Inspirational song: Part of the Plan (Dan Fogelberg)

The man and I have an odd relationship with spontaneity. We seem to take turns which one of us wants to plan every single detail of our lives, down to the minute or down to the penny, and which one of us wants to be surprised, or at least not constricted by expectations. Some of the surprises these last few weeks have been of the unpleasant, expensive variety, like Murray knocking out one of his teeth on a holiday, or the window in the truck shattering at the moment we were loading the dogs in it to travel out of state on Christmas Eve. A couple of them might have very important long-range implications. We have been discussing very seriously what a move back to Colorado would entail, and we think we might have a lot of the doors flung open to be able to do it soon. But suddenly, there has been a resurgence of discussion about going the opposite direction from finding the forever house somewhere in Boulder County, and instead becoming straight-up nomads in a converted school bus home. Remember the talk about the bus conversion idea from last year? We have a day and a half of anxious waiting to see whether we--well, he, not I--have won an online auction for a decommissioned school bus. I don't know that we were actually ready to jump on a bus purchase this week, especially one that costs four times what Murray's aggregate costs were. Sure, this particular bus is the variety I wanted (flat front rather than truck nose that the man likes), but the timing is absolutely awful. We have no place to store a bus, nor a shop in which to convert it, and we are really not even sure we can get to where it is currently located, within the 10 day window we will have for pickup. The last time Mr S-P bid on a bus (over Christmas), several people swooped in during the last few hours, and ran the sale price up by 100% over his pain threshold. He has checked the auction site every few hours for days, and his bid is still sitting there at the top. Surely someone will come along at the last minute again, and save us from ourselves. We will know by Monday whether we accidentally bought a bus. Surprise!

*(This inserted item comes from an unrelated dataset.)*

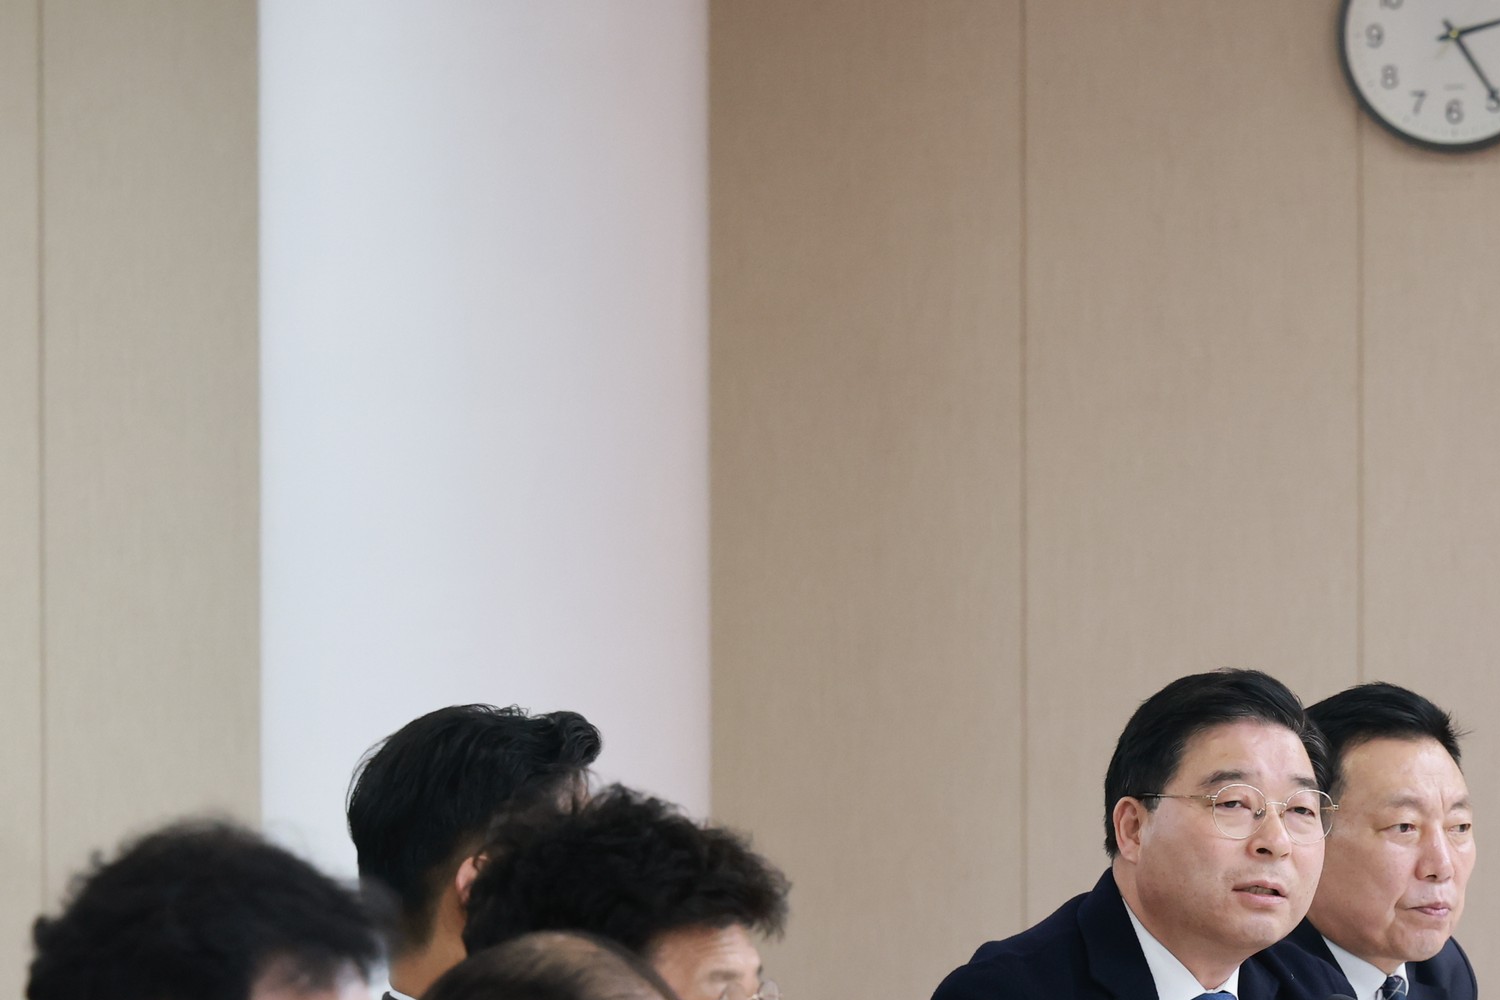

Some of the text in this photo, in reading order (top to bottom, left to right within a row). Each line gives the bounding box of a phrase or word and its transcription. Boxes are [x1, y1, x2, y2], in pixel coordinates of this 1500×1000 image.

Over the last seven or eight years, the man has periodically gotten stressed out at work, and started sending me links to jobs in his field at various locations around Colorado, where he thought maybe he'd rather be than where he was at the time. Most of them were contingency plans, just in case he got swept up in massive layoffs or something equally catastrophic. A few were fantasies, dream jobs in dream locations, where he could picture himself homesteading until he was of retirement age (and some of them even past that point, because they would have been low-stress or just plain old fun in hole-in-the-wall locations). Early this morning, when I first came downstairs for coffee, and learned that his name was still at the top of the bidding for the bus, I made some crack about having an RV in which to travel, but needing to find a job to pay for it all, a classic Catch-22. He said, "Well, there's this..." and proceeded to show me a fresh job posting that was not only exactly the job he had been looking for these last several years, it was located in the exact town where yesterday we said would be our best bet for being able to afford a house if we move back. Here it is, the dream job open at the perfect time, and what does he say now? "It was my dream job a few years ago. Now I'm not so sure." Just when I thought I had him figured out, understanding just how the mechanisms in his brain work, he throws that little nugget at me. A little spontaneity keeps the relationship fresh, right?